座学でどうしたら速く走れるかを考えることから始め、ウエートトレーニング担当のコーチらとも連携し、理想的なフォームや効果的なトレーニング法を追求し、実践していった。ぐんぐん伸びていたタイムが、頭打ちになる時期も必ず来るが、そういう時には選手と膝を詰めて原因を追究した。

「実は50メートル走よりも30メートル走のタイムを重視している」理由
効果が表れたのは早かった。2022年9月の秋季熊本大会で初戦敗退したチームが、7か月後の翌2023年4月には春季熊本大会で優勝。さらに九州大会も制して、“九州王者”となった。大分舞鶴に16-3で大勝した九州大会決勝では、チーム6盗塁と走りまくった。驚異の急成長に、九州の関係者、メディアは目を見張ったものだ。
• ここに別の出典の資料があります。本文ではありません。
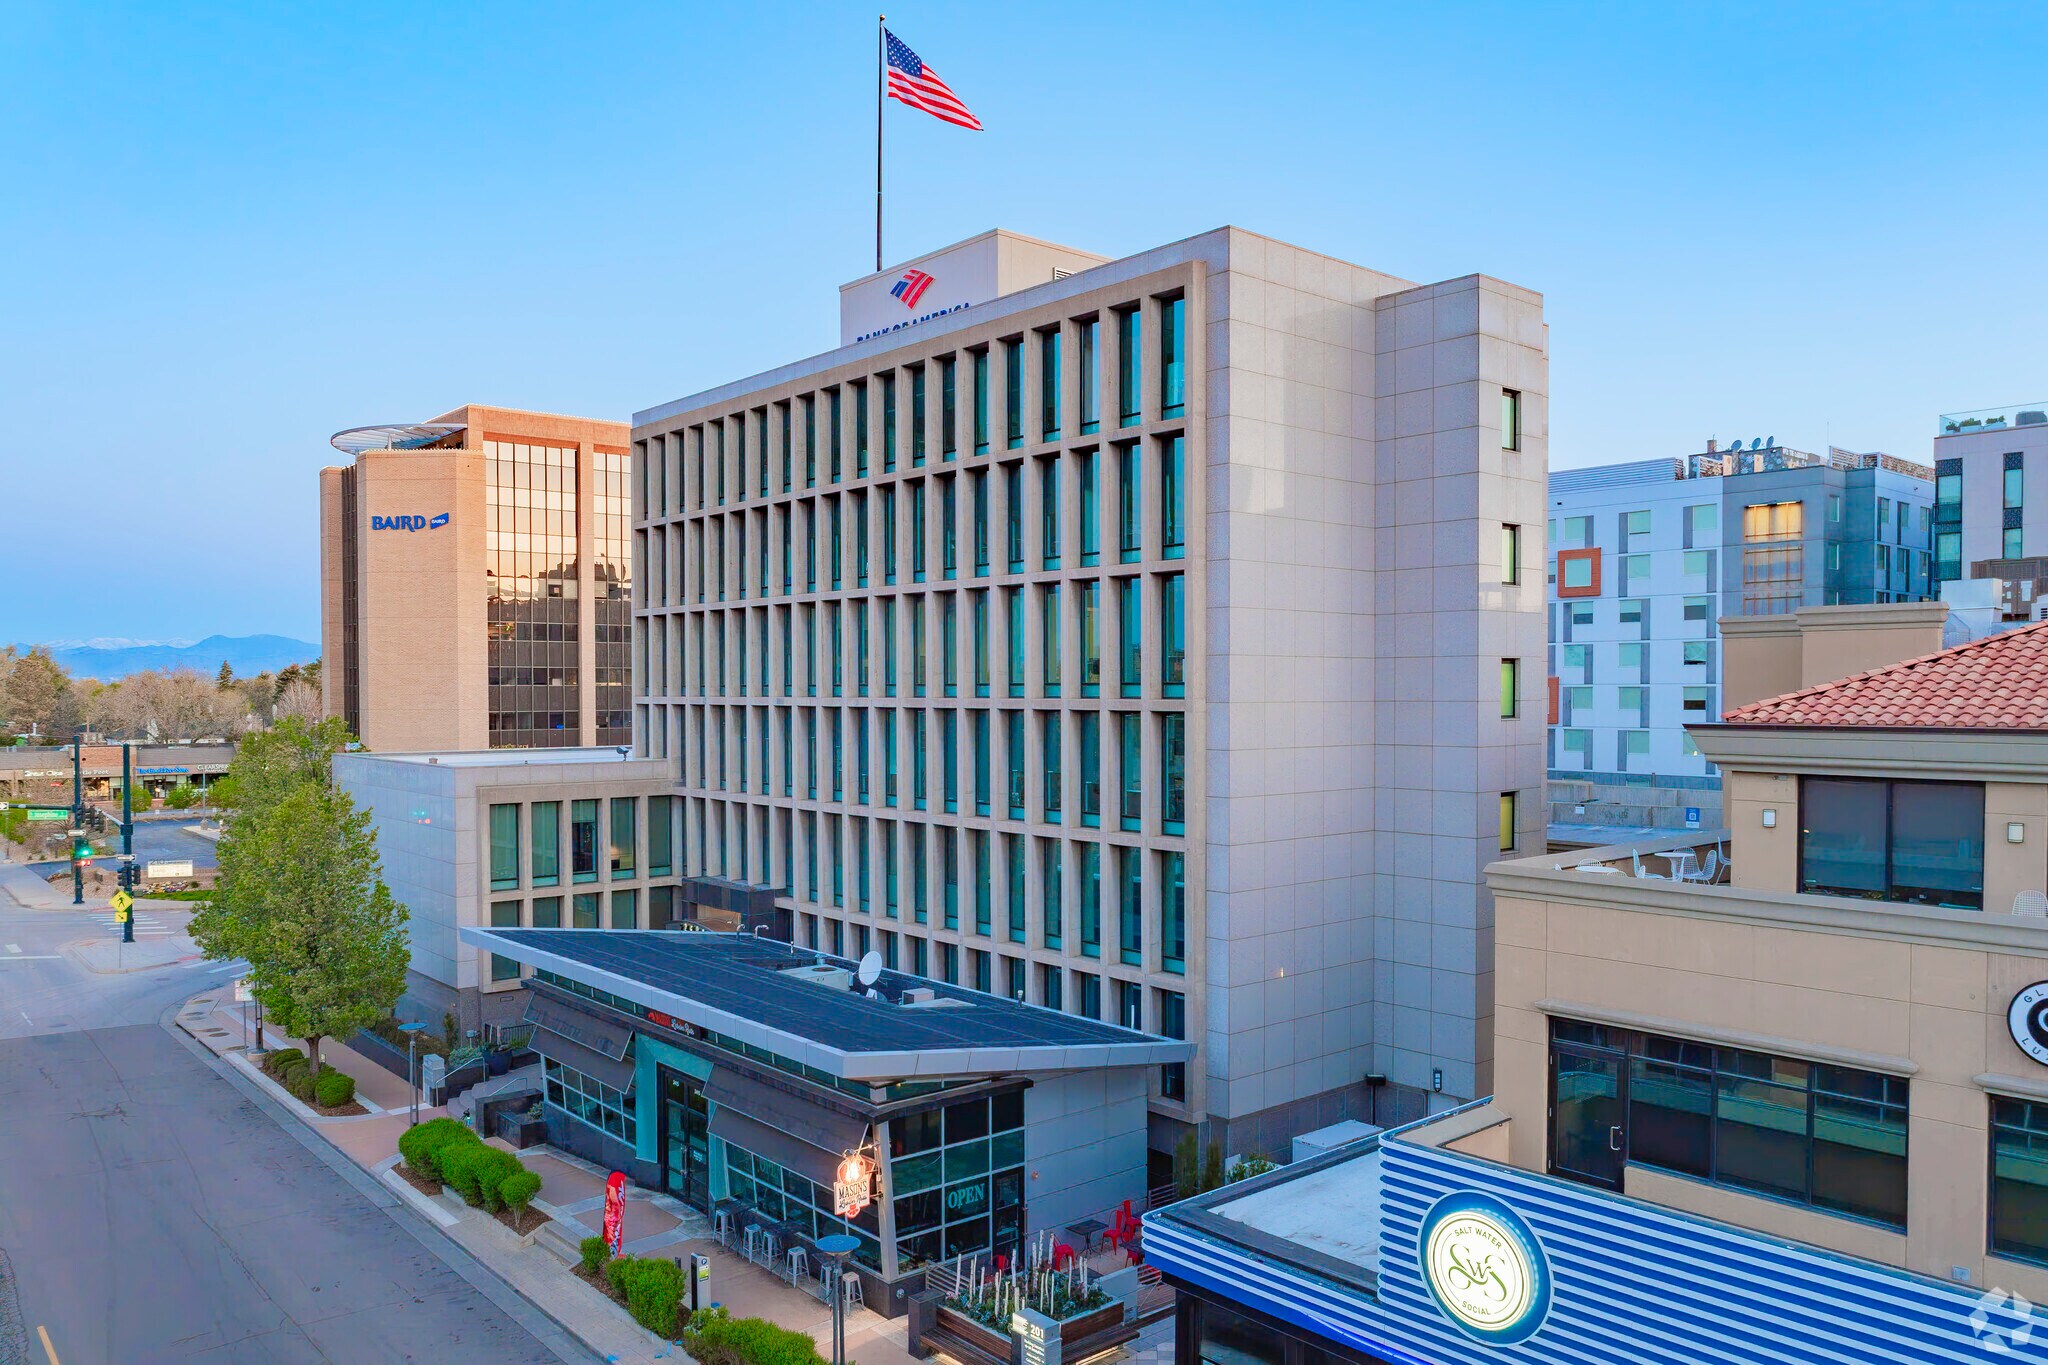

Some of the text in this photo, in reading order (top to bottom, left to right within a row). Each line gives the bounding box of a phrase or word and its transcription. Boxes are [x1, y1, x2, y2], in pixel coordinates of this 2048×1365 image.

今大会の全国8強入りも、この延長線上にある。
チームNo.1の俊足を誇る永田は、入学当時の50メートル走のタイムが6秒4だったが、いまや5秒8。「今年の春先からタイムが伸びて自信がつき、盗塁で刺されることがほとんどなくなりました」と手応えを感じていた。
西コーチは「実は、私たちは50メートル走よりも30メートル走のタイムを重視しています。野球の塁間(27.431メートル)に近いですし、一気に加速することを求められますから」と明かす。「永田の30メートル走のタイムは3秒80。これはスプリントのトレーニングを積んでいなければ出ないタイムで、おそらく今大会出場選手の中でも一番速いと思います」と称える。
スプリント能力は決して天性だけではなく、理論を学び、適切なトレーニングを重ねることで速くなれる、という考え方が根本にある。
また、西コーチは「スプリント能力が上がると、それを土台にして、ボールを投げる球速、打球速度なども上がっていきます」とも。だからこそ、西コーチがスプリント担当と打撃担当を兼務していることにも意味がある。
“スプリント改革”で県大会初戦敗退から九州王者に駆け上がり、とうとう全国8強の座を射止めた有明。これからどんなチームになっていくのかが楽しみだ。“旋風”はまだ終わっていない。